Aibo resurrection is great news, the new model, Aibo ERS-1000, resembles a lot the last ERS-7 model. It is now available to pre-order in Japan, going on sale around mid-January 2018. Check the official Aibo website for more details. The rest of the world will have to wait a little longer for the new Sony Aibo.
It’s for us to see now whether Sony has been doing a great effort during these years to improve the robot or it is just coming back to a redecorated version of the ERS-7 (according to the company they’ve been working on AI internally over these years, although no commercial products were available). My humble opinion: you need to be in the market, even when AI is not the trending topic, in order to really advance the field and play a significant role in the development of new AI and robotics products. Over these years, in many research areas and business prototype applications, Aldebaran Nao kind of took the place left by the discontinuation of Aibo. It’ll be interesting to see now if Aibo is able to reclaim its lost position.

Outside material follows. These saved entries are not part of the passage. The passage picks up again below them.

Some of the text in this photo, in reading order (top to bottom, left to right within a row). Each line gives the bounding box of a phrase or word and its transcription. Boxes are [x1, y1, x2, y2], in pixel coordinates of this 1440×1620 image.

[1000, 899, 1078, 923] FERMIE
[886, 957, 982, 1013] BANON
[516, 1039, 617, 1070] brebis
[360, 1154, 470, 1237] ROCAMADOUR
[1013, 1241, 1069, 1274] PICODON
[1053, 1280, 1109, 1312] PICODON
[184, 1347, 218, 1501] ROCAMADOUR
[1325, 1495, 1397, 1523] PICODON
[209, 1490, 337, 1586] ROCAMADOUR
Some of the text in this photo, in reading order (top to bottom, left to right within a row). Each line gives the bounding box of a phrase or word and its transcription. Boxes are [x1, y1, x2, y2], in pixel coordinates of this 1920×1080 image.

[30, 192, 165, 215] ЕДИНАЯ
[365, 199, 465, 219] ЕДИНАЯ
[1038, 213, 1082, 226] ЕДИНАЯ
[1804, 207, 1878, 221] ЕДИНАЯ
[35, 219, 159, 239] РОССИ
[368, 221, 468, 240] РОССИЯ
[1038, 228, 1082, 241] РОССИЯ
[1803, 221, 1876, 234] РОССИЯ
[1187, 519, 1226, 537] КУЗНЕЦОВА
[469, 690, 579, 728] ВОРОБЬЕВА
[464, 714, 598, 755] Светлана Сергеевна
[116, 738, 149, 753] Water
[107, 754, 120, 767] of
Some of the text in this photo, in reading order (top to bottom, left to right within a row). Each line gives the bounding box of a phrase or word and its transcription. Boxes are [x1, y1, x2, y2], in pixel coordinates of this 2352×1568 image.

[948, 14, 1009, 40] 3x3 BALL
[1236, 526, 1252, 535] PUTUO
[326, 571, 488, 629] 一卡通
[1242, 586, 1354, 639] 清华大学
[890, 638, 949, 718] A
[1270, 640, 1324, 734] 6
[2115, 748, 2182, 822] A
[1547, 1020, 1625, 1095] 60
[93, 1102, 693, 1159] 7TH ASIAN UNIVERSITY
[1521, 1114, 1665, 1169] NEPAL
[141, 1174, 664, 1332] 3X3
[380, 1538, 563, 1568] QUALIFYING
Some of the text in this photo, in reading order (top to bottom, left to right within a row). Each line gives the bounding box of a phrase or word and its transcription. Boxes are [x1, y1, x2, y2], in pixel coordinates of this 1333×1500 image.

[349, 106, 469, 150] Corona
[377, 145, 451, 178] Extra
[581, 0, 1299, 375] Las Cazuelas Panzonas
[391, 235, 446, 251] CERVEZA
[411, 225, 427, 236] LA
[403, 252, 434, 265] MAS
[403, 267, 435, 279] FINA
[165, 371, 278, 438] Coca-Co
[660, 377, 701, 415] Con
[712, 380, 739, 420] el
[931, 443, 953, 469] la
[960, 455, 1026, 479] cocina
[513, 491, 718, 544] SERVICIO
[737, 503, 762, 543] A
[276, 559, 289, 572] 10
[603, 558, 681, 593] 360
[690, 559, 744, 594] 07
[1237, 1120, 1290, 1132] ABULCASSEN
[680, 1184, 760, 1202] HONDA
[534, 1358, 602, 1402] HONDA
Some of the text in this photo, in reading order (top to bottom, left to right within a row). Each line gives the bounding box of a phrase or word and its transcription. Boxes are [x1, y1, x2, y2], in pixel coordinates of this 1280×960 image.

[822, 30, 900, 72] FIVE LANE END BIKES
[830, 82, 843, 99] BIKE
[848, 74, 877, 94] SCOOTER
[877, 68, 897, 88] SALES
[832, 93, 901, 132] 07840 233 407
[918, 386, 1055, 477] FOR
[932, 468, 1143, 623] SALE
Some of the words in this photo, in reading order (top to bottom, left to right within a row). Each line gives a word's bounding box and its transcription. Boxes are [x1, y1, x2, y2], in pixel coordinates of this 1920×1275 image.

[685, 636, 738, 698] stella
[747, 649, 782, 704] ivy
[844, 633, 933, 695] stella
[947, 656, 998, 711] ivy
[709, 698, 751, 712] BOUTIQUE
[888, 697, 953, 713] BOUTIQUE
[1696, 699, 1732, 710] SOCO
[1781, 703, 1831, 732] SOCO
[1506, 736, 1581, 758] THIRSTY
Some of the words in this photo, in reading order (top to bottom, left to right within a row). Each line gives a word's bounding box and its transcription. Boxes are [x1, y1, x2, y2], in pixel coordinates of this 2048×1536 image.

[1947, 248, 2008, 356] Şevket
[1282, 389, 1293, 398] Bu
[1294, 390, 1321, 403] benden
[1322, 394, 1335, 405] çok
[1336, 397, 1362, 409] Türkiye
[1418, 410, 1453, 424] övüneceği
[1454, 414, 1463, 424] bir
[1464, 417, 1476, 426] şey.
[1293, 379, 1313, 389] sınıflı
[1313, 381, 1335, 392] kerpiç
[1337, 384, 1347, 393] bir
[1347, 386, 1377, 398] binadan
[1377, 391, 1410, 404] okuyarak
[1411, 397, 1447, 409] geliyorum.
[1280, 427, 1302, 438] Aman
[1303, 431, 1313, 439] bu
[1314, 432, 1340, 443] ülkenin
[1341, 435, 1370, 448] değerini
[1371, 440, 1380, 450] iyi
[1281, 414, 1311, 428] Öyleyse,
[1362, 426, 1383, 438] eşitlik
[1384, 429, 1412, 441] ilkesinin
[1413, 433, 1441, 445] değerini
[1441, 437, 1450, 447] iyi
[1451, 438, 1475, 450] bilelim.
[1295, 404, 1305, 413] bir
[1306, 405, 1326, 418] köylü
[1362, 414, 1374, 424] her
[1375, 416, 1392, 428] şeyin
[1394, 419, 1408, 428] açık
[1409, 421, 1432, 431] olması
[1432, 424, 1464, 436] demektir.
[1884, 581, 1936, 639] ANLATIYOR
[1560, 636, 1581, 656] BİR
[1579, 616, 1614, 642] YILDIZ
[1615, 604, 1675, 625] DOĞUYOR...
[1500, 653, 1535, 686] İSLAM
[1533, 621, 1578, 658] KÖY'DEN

My opinion again, that depends on how well the company does with SDK and APIs.
Of course, apart from research and business applications, we have the wide potential market for robotic pets. But again, I think the success in this market depends on the ability of Sony to foster a strong research and developer community around Aibo. Keeping a technology-closed or fully proprietary platform will prevent Aibo to reach its full potential. On the other hand, if Sony decides to go for an open community collaboration, my guess is Aibo will have a successful future.
There is no doubt that current enthusiasm about AI and Deep Learning is influencing all companies worldwide and all industries. Sony decided to take a step back from this arena more than a decade ago, let’s see now if they can keep a strong position in such a competitive domain these days. One key feature of new Aibo is clearly artificial vision using deep learning, and here we can make some comparisons with Google TensorFlow. Sony has developed their own neural network libraries (see https://nnabla.org/), which are written in C++ and designed to be embedded in devices such as Aibo. Apart from that, the whole library scheme seems to be much like TensorFlow. There is a web-based and app-based neural network console you can use to play with Sony’s neural network lib (https://dl.sony.com/). However, it looks like it is only available in Japan for the time being… So, we’ll stay tuned for news about this.
The new Aibo is being evaluated at Psicobōtica Labs as a possible platform for social interaction training.